Every head in the room swiveled toward Veer as if they had not noticed his deformed ear and missing finger all these days. He changed the slide to turn them back to the wall.
I did not stop Veer to ask him the name of the place. I did not need to. I knew it was Roopkund. That was the water beside which Michael had frozen to his death. I scoured the pictures that snapped onto the wall one by one. A different angle each time: close-ups, long shots. Water and ice, ice and water. Lead-colored sky. Sheer sides of brown rock and white snow rising from sheets of ice. I examined every inch with frantic concentration in the seconds before one picture made way for another. I had never seen Michael’s dead body. His death felt more a disappearance, still unreal, leaving behind a smoke-like vestige of hope. He was there on those slopes. He had to be. I waited for Michael’s blue and red-hooded jacket to appear. Then he would step away from the wall and into the room.

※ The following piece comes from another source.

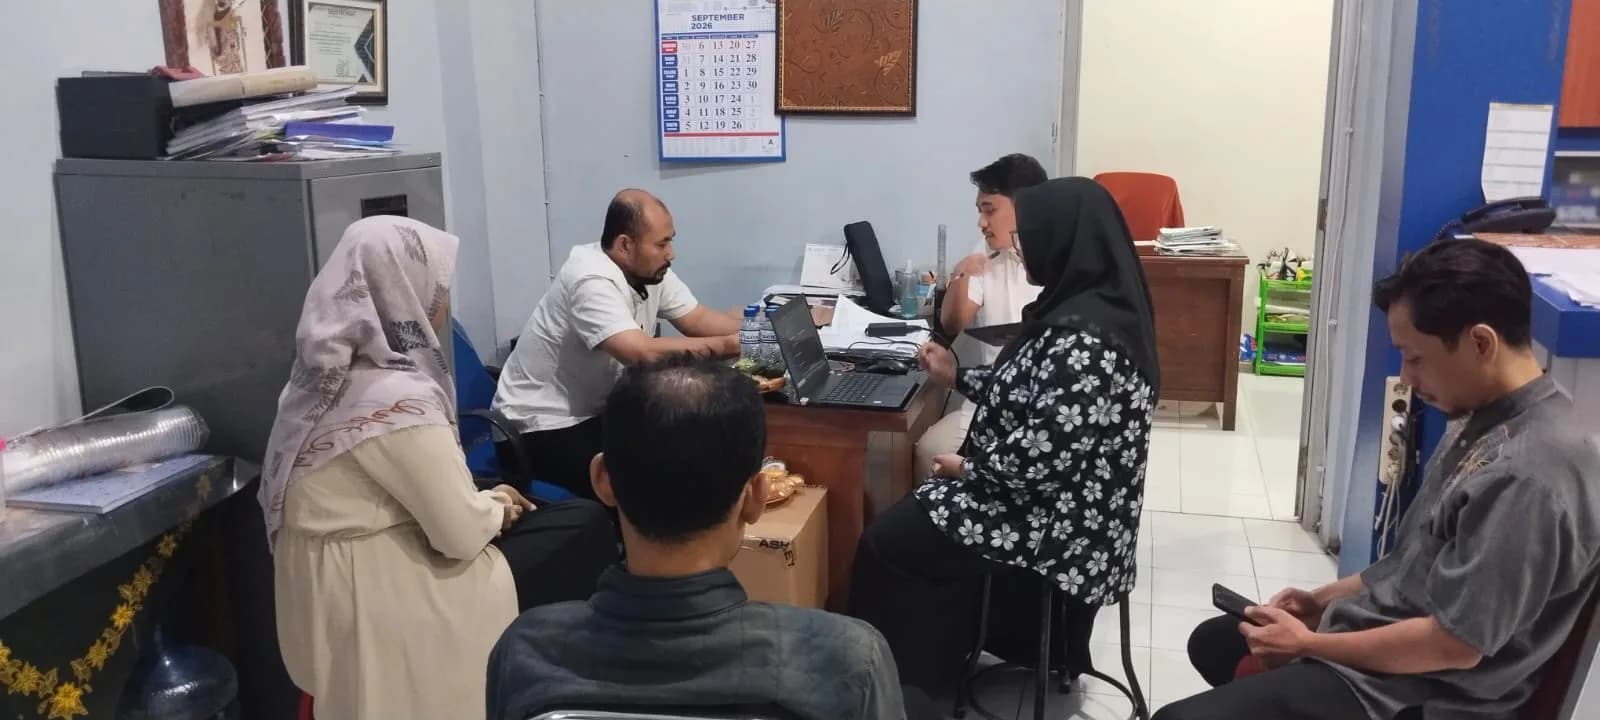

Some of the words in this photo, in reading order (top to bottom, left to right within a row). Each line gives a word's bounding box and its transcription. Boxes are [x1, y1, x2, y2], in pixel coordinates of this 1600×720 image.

Long ago, when I was a little girl, I used to believe that radios contained people. No more than a few inches tall, but in every way human, those people were forever imprisoned within the big brown and black radio that stood on my father’s desk. It had a large dial, and round, serrated knobs for switches. When it was turned on, the panel inscribed with frequencies glowed with a yellow light that made the radio look like a little house. If someone took it apart, the singers on
Binaca Geet Mala
would step out onto the table and talk to me.
I felt icy winds curl around my fingertips, my toes, my face, even my heart. I was trembling. I thought I would cry out in pain and fear. I buried my face in my shawl and stopped my ears under it. My throat had wound itself into a tight knot.

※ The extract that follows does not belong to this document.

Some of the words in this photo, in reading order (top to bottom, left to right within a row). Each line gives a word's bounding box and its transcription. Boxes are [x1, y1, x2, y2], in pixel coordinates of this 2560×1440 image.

“What is that, is it a waterfall?” someone in the room, who still had a voice, asked. Someone else said, “See how the falling water has frozen!” I inched out of my shawl again. The scene had changed to a herd of white sheep on a meadow enameled with flowers. Veer muttered, “Wrong sequence,” and then there was another stretch of water on the wall, a glassy expanse that reflected the sides of the gorge within which it flowed away into the horizon. At the banks were the frilly white edges of waves frozen in mid-surge. Charu went excitably to the wall to get a closer look and everybody shouted to her to get out of the way as the immense shadow of her head, caught in the projector’s beam, obscured the ice-sheeted river and its frozen waves.
Something snapped into place in my head. Roopkund was not a river. Roopkund was a lake. Lakes did not have waves. Lakes did not flow. I found my voice at last and said to Veer, “This sequence of pictures, it’s not—it’s not Roopkund, is it?”

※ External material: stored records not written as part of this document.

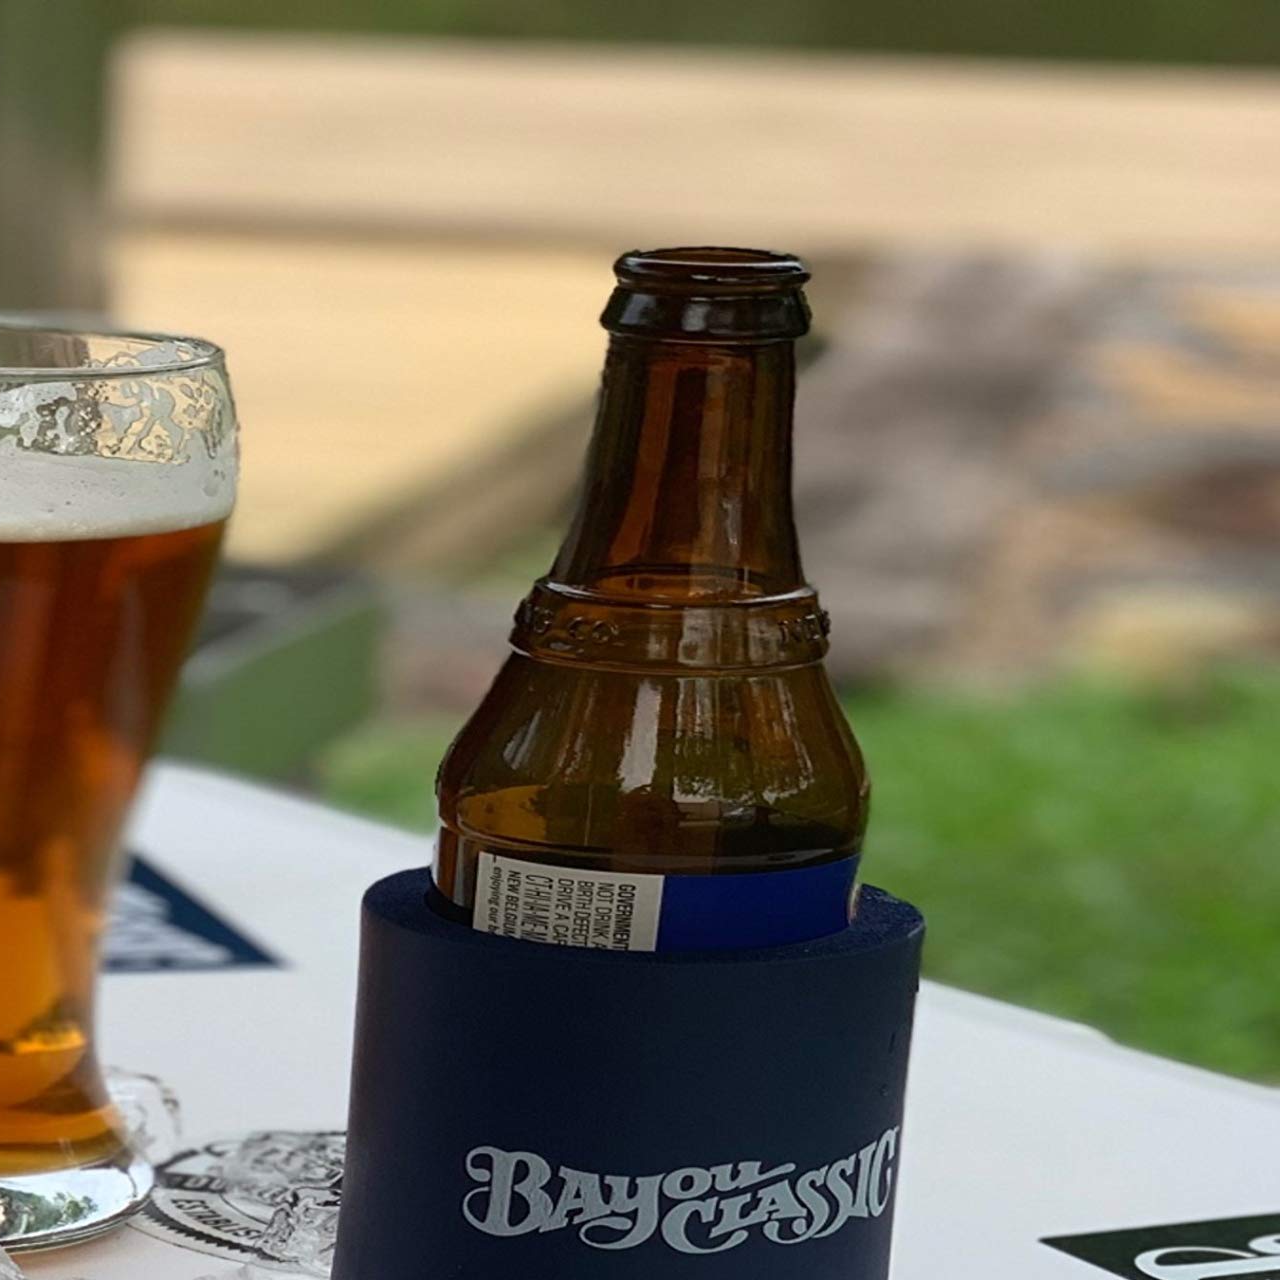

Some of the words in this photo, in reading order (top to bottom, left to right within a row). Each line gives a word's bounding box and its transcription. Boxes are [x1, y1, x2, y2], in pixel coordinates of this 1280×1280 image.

[487, 866, 503, 907] enjoying
[506, 870, 522, 894] NEW
[555, 878, 574, 916] DRIVE
[576, 881, 595, 914] BIRTH
[596, 882, 615, 905] NOT
[487, 905, 499, 924] our
[591, 906, 613, 940] DRINK
[613, 884, 636, 950] GOVERNMENT
[661, 1126, 901, 1255] CLASSIC

“You obviously haven’t heard a word of my long-winded commentary. Why do I bother? It’s the Zanskar River. In Kashmir. Why would you think
it’s Roopkund? That’s a lake, not a river.” He closed a box with an irritable snap.
The spell was broken; people began to stir. Beena and Mitu scrambled up. They were to leave early the next morning for Varanasi to start a new life at a convent. Diwan Sahib waved them toward him and placed rolls of money in their hands and closed their fists. He patted their heads when they dived downward to touch his feet. “Enough, go now, go,” he said. “Himmat Singh, refill my glass. From the new bottle Veer Sahib brought from Delhi.” The clerk scurried after Himmat into the kitchen in the hope of a stolen drink.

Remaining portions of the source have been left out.